(Source records begins)
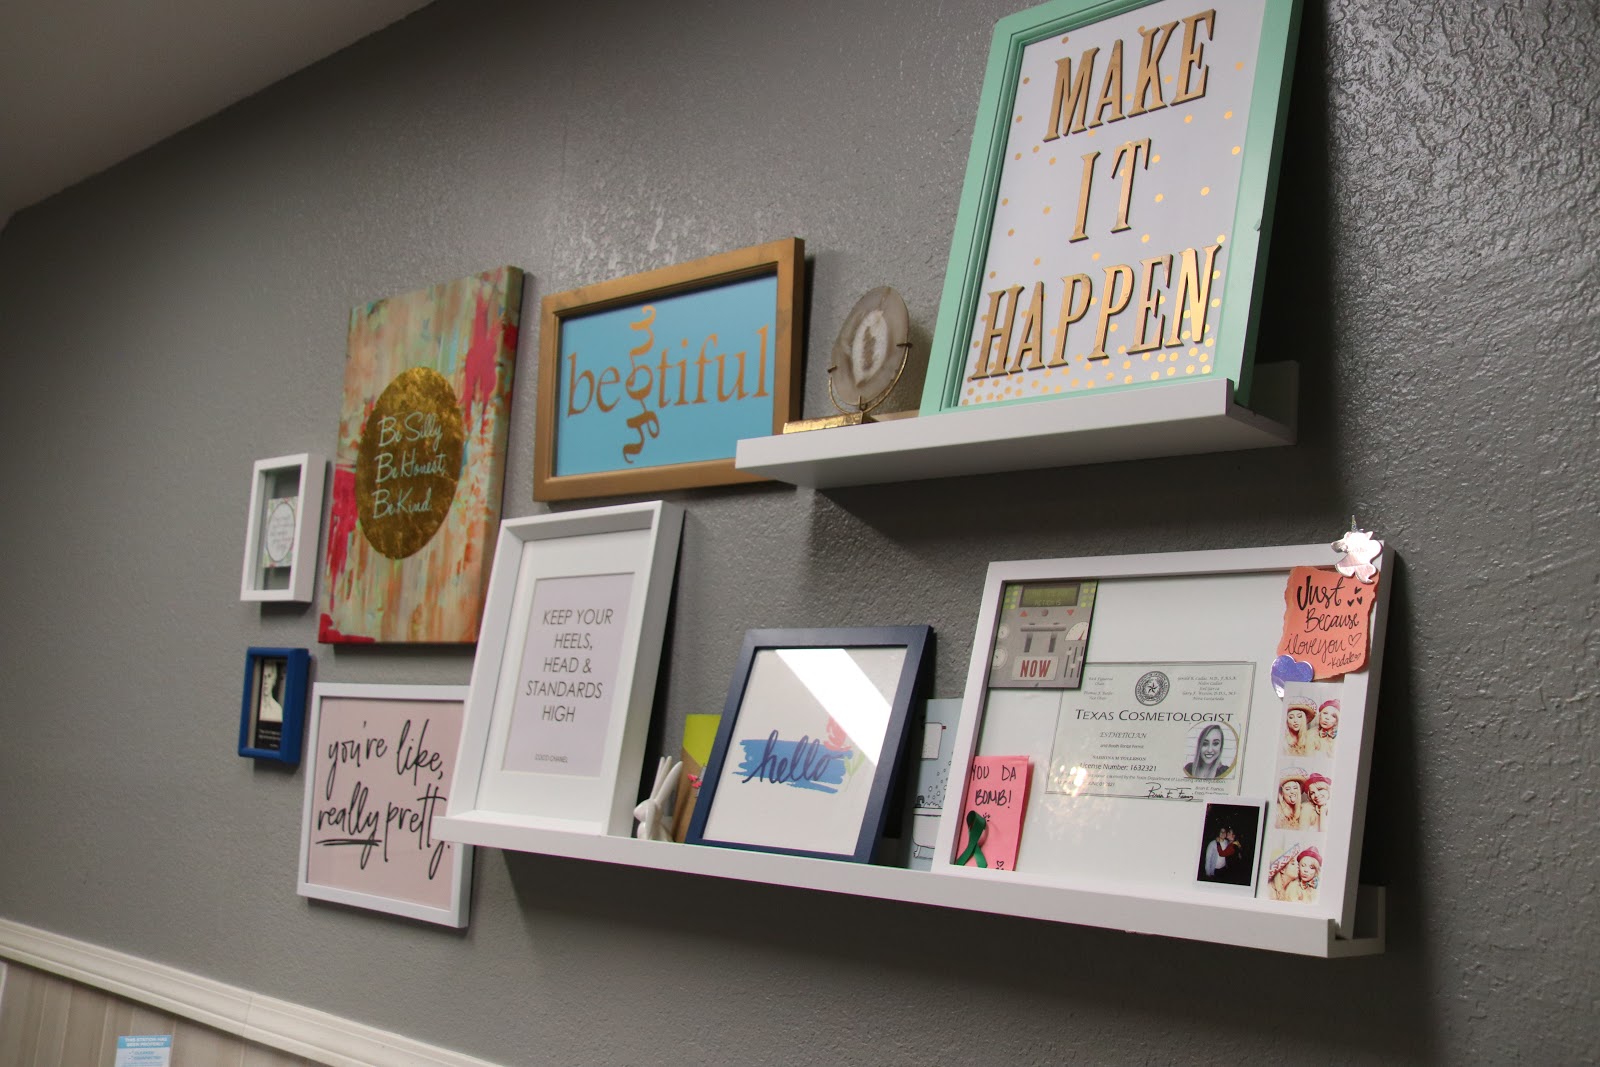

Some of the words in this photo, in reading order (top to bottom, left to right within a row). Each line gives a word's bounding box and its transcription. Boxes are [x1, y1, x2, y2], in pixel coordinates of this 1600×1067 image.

[1043, 9, 1216, 142] MAKE
[1068, 138, 1152, 243] IT
[970, 243, 1222, 380] HAPPEN
[378, 416, 402, 447] Be
[374, 452, 398, 483] Be
[371, 488, 394, 519] Be
[1297, 575, 1345, 611] Just
[542, 609, 573, 625] KEEP
[576, 608, 614, 625] YOUR
[1304, 608, 1360, 633] Because
[553, 632, 593, 651] HEELS,
[543, 657, 579, 673] HEAD
[582, 657, 592, 674] &
[1019, 659, 1051, 678] NOW
[525, 680, 603, 699] STANDARDS
[541, 705, 576, 723] HIGH
[1075, 709, 1114, 720] TEXAS
[1118, 710, 1233, 722] COSMETOLOGIST
[326, 720, 388, 801] you're
[397, 719, 443, 786] like,
[742, 729, 844, 784] hello
[1130, 764, 1157, 772] 1632321
[972, 765, 990, 781] YOU
[1001, 765, 1017, 782] DA
[975, 789, 1012, 809] BOMB!
[317, 781, 381, 870] really
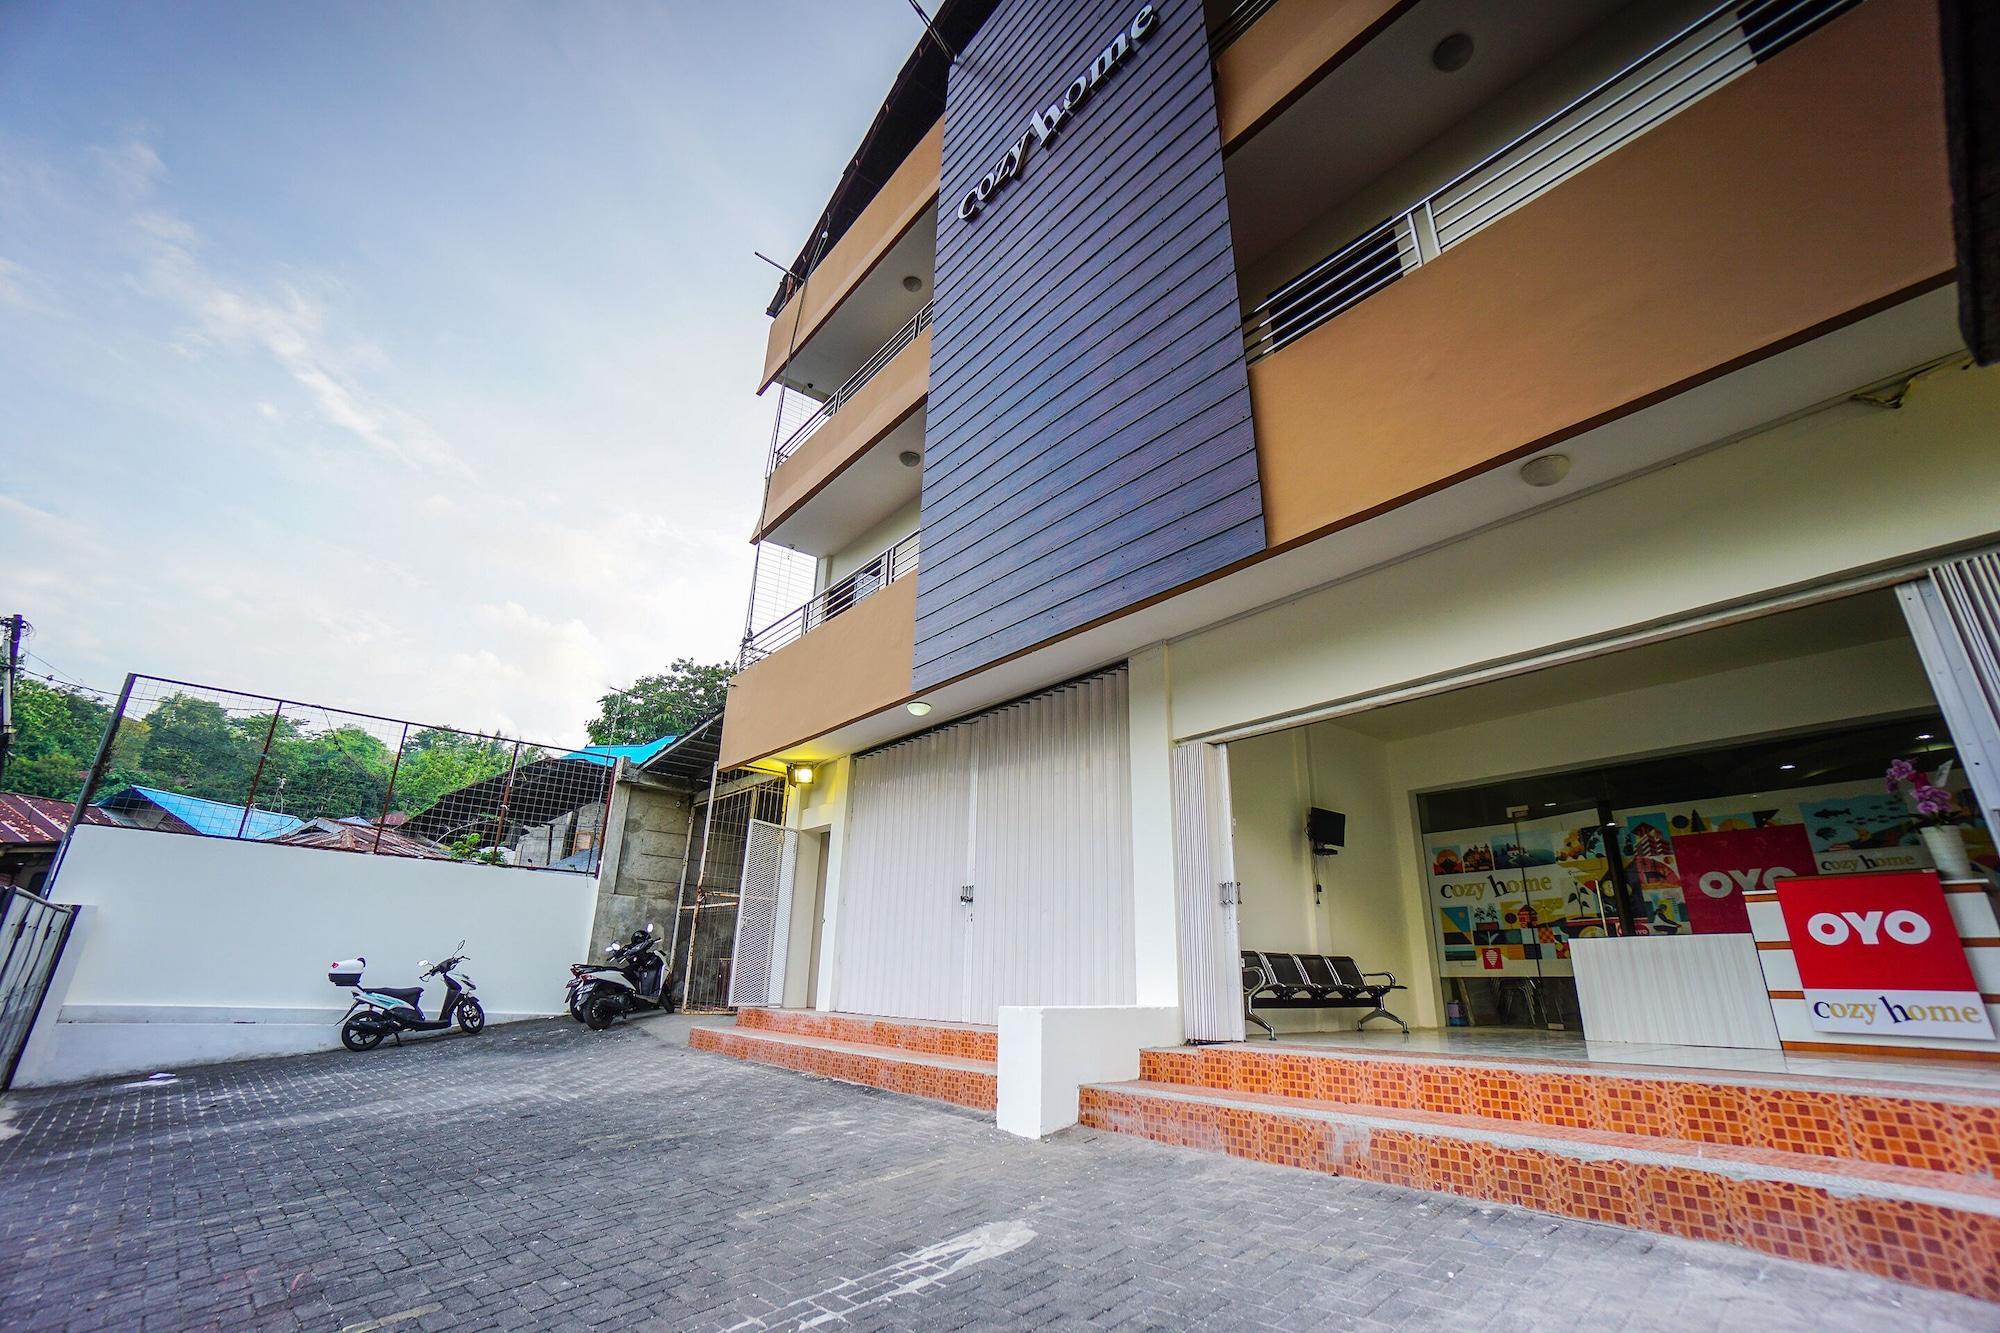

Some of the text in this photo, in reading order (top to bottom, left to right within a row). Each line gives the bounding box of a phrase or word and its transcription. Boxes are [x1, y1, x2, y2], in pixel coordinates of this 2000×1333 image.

[957, 4, 1157, 220] cozy home
[1821, 855, 1914, 872] cozy home
[1440, 874, 1552, 901] cozy home
[1807, 910, 1931, 946] OYO
[1814, 996, 1982, 1025] cozy home
(Source records ends)
Each line of the data should be quoted exactly, with pictures left out.

Exercise response:
Some of the words in this photo, in reading order (top to bottom, left to right within a row). Each line gives a word's bounding box and its transcription. Boxes are [x1, y1, x2, y2], in pixel coordinates of this 1600×1067 image.

[1043, 9, 1216, 142] MAKE
[1068, 138, 1152, 243] IT
[970, 243, 1222, 380] HAPPEN
[378, 416, 402, 447] Be
[374, 452, 398, 483] Be
[371, 488, 394, 519] Be
[1297, 575, 1345, 611] Just
[542, 609, 573, 625] KEEP
[576, 608, 614, 625] YOUR
[1304, 608, 1360, 633] Because
[553, 632, 593, 651] HEELS,
[543, 657, 579, 673] HEAD
[582, 657, 592, 674] &
[1019, 659, 1051, 678] NOW
[525, 680, 603, 699] STANDARDS
[541, 705, 576, 723] HIGH
[1075, 709, 1114, 720] TEXAS
[1118, 710, 1233, 722] COSMETOLOGIST
[326, 720, 388, 801] you're
[397, 719, 443, 786] like,
[742, 729, 844, 784] hello
[1130, 764, 1157, 772] 1632321
[972, 765, 990, 781] YOU
[1001, 765, 1017, 782] DA
[975, 789, 1012, 809] BOMB!
[317, 781, 381, 870] really

Some of the text in this photo, in reading order (top to bottom, left to right within a row). Each line gives the bounding box of a phrase or word and its transcription. Boxes are [x1, y1, x2, y2], in pixel coordinates of this 2000×1333 image.

[957, 4, 1157, 220] cozy home
[1821, 855, 1914, 872] cozy home
[1440, 874, 1552, 901] cozy home
[1807, 910, 1931, 946] OYO
[1814, 996, 1982, 1025] cozy home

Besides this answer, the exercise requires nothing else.